• _Description of the task_
Each record is to be printed again exactly, though not its pictures.

• _Dataset excerpts_
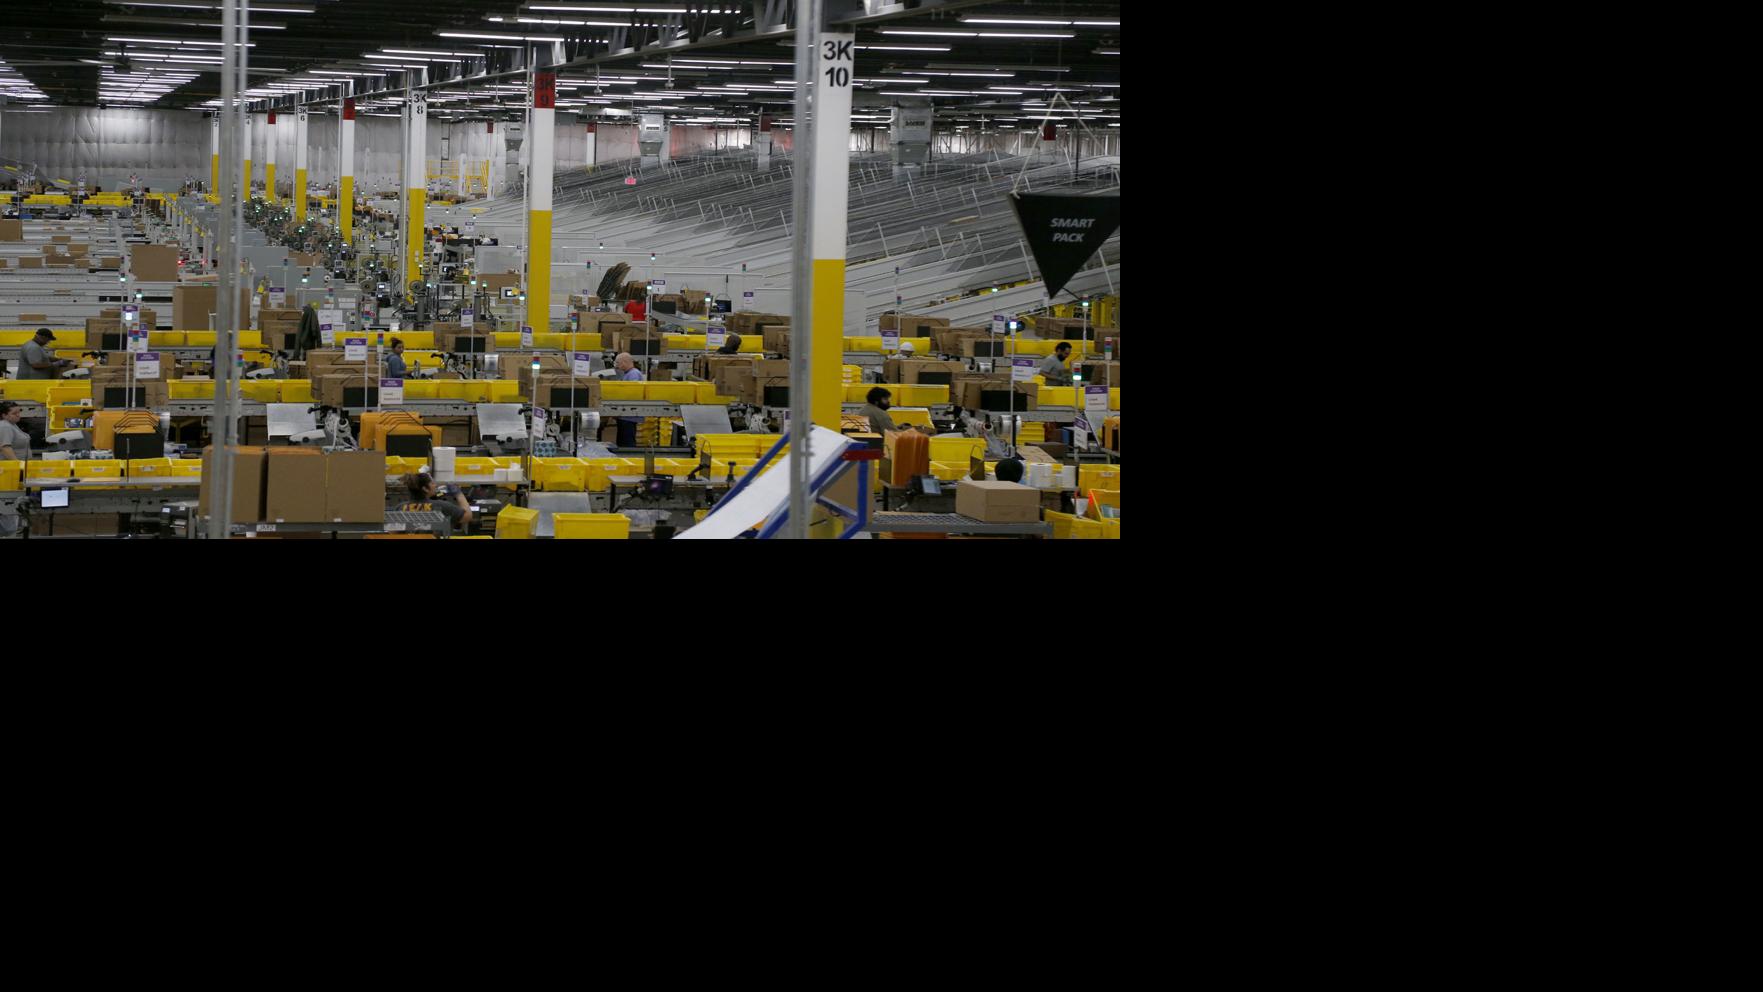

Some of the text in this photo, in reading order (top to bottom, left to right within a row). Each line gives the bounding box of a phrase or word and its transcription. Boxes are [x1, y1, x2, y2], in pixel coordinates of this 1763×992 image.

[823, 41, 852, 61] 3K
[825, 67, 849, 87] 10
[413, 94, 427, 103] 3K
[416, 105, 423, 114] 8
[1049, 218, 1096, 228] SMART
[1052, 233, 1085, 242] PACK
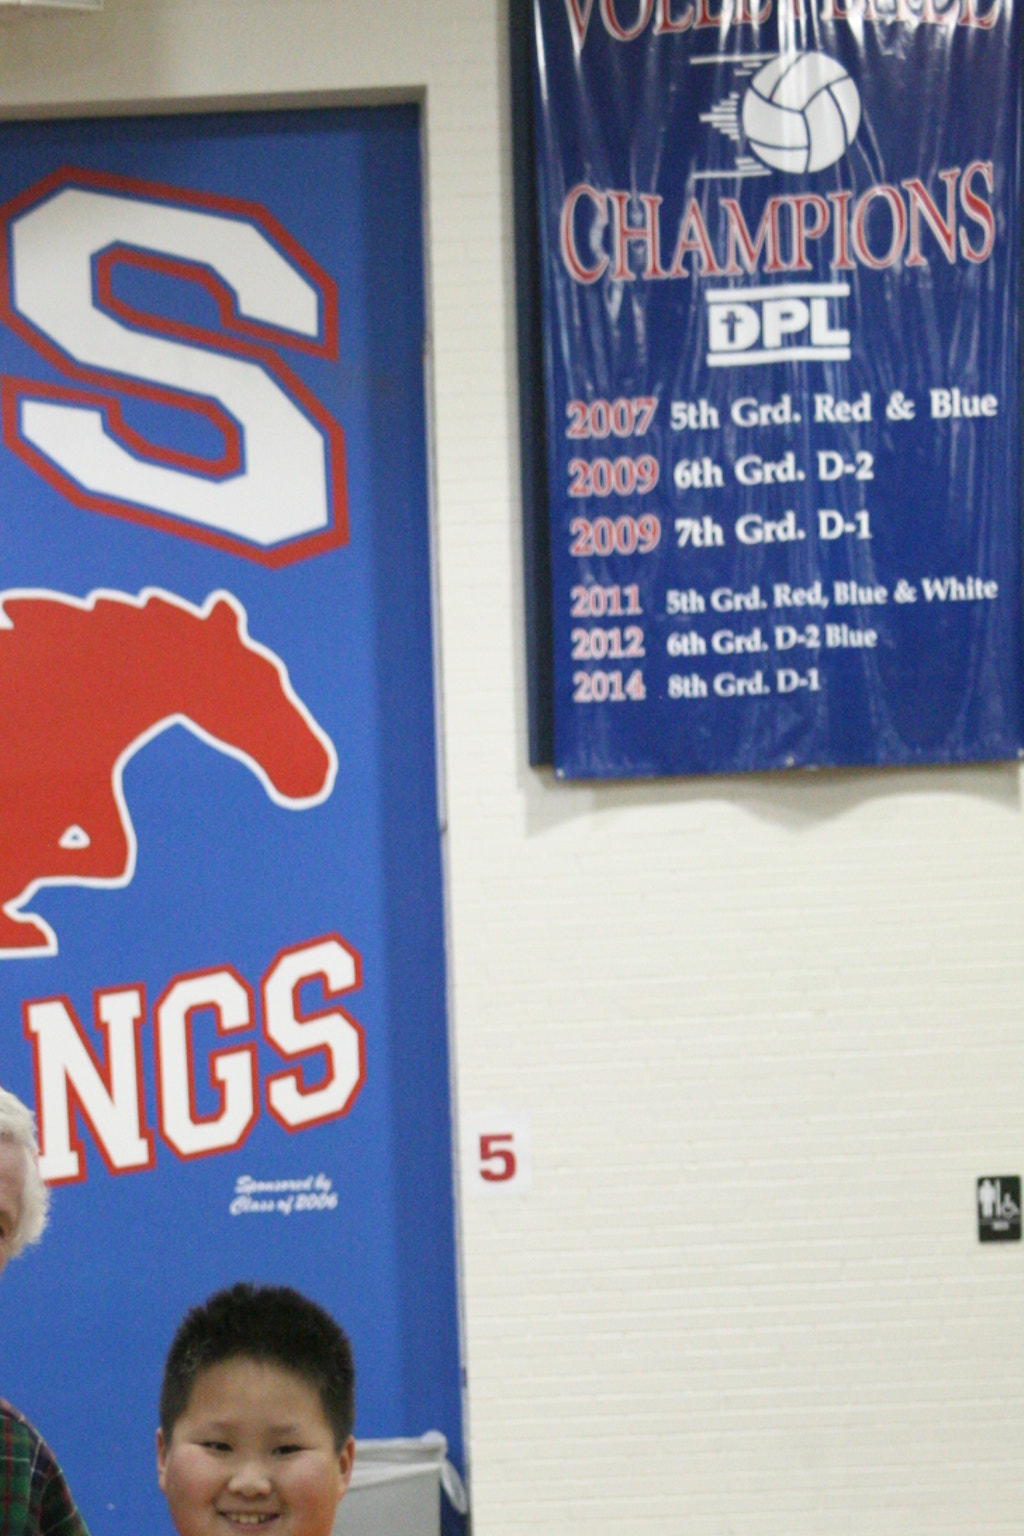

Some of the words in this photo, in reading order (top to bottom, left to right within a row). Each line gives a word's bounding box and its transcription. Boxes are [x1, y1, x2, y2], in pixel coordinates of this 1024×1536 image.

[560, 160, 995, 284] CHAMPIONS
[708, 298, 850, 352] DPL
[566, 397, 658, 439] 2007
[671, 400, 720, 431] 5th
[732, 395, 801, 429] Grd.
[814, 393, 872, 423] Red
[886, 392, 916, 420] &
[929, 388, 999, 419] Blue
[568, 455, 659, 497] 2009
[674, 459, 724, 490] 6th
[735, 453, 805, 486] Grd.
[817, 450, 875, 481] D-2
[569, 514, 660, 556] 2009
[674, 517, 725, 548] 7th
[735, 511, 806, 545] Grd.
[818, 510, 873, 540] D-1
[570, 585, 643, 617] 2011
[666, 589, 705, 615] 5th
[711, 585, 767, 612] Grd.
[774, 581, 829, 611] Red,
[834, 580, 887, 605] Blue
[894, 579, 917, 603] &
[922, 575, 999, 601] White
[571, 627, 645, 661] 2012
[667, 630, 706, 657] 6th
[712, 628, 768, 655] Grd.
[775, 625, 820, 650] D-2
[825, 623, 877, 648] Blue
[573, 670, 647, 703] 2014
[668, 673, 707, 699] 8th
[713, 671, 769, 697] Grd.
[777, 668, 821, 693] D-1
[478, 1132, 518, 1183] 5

• _Answer for the task_
Some of the text in this photo, in reading order (top to bottom, left to right within a row). Each line gives the bounding box of a phrase or word and its transcription. Boxes are [x1, y1, x2, y2], in pixel coordinates of this 1763×992 image.

[823, 41, 852, 61] 3K
[825, 67, 849, 87] 10
[413, 94, 427, 103] 3K
[416, 105, 423, 114] 8
[1049, 218, 1096, 228] SMART
[1052, 233, 1085, 242] PACK

Some of the words in this photo, in reading order (top to bottom, left to right within a row). Each line gives a word's bounding box and its transcription. Boxes are [x1, y1, x2, y2], in pixel coordinates of this 1024×1536 image.

[560, 160, 995, 284] CHAMPIONS
[708, 298, 850, 352] DPL
[566, 397, 658, 439] 2007
[671, 400, 720, 431] 5th
[732, 395, 801, 429] Grd.
[814, 393, 872, 423] Red
[886, 392, 916, 420] &
[929, 388, 999, 419] Blue
[568, 455, 659, 497] 2009
[674, 459, 724, 490] 6th
[735, 453, 805, 486] Grd.
[817, 450, 875, 481] D-2
[569, 514, 660, 556] 2009
[674, 517, 725, 548] 7th
[735, 511, 806, 545] Grd.
[818, 510, 873, 540] D-1
[570, 585, 643, 617] 2011
[666, 589, 705, 615] 5th
[711, 585, 767, 612] Grd.
[774, 581, 829, 611] Red,
[834, 580, 887, 605] Blue
[894, 579, 917, 603] &
[922, 575, 999, 601] White
[571, 627, 645, 661] 2012
[667, 630, 706, 657] 6th
[712, 628, 768, 655] Grd.
[775, 625, 820, 650] D-2
[825, 623, 877, 648] Blue
[573, 670, 647, 703] 2014
[668, 673, 707, 699] 8th
[713, 671, 769, 697] Grd.
[777, 668, 821, 693] D-1
[478, 1132, 518, 1183] 5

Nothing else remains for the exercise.